Academic journal article Defense Counsel Journal

Forces Shaping Mass Tort Litigation: Strategies for Defense Counsel

Article excerpt

Unless corrective steps are taken, American business and civil justice systems may not be able to withstand the onslaught of class actions

RESOLVING mass tort litigation is complex because of a variety of forces. While the task of doing so falls to courts, administrative agencies and lawyers, the lay public and the media often drive a frenzy that creates insatiable demands on the system and impedes the fair and expeditious resolution of the claims. Responding to media sensationalism, the lay public overestimates the nature and extent of the problem and the solutions the civil justice system has to offer for the alleged tortious activity of corporate America. Liability issues are oversimplified, leading to far too many claims without merit. The large number of questionable claims hinders the resolution of genuine claims.

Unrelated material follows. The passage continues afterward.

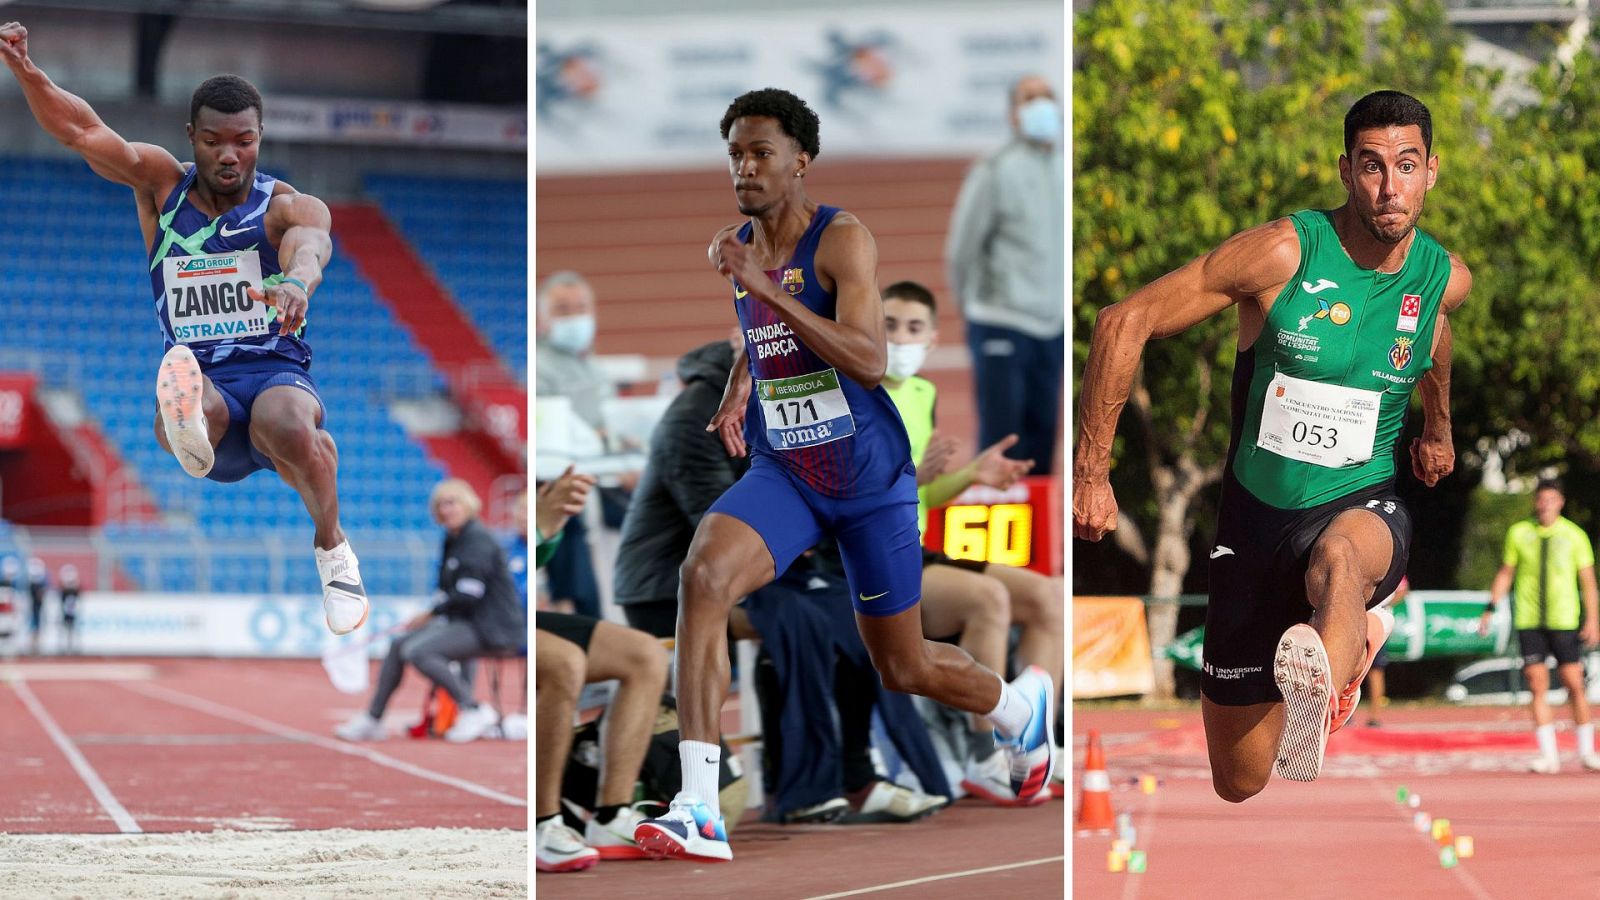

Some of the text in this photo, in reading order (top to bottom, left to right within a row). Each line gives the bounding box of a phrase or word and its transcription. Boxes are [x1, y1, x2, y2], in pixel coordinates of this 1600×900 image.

The proliferation of Internet users and websites has created an additional dimension of distortion. Disgruntled and Internet savvy consumers need only know how to access various sites on the Internet before they are parties to a massive class action lawsuit. Type in "asbestos litigation" or "breast implant litigation," and almost any search engine will take the user to a number of plaintiffs' attorneys' websites.(1) But the Internet has a positive aspect as well. It may be a tool to reduce litigation costs by offering a variety of workable solutions to the growing problems of inefficiency and redundancy in mass tort litigation.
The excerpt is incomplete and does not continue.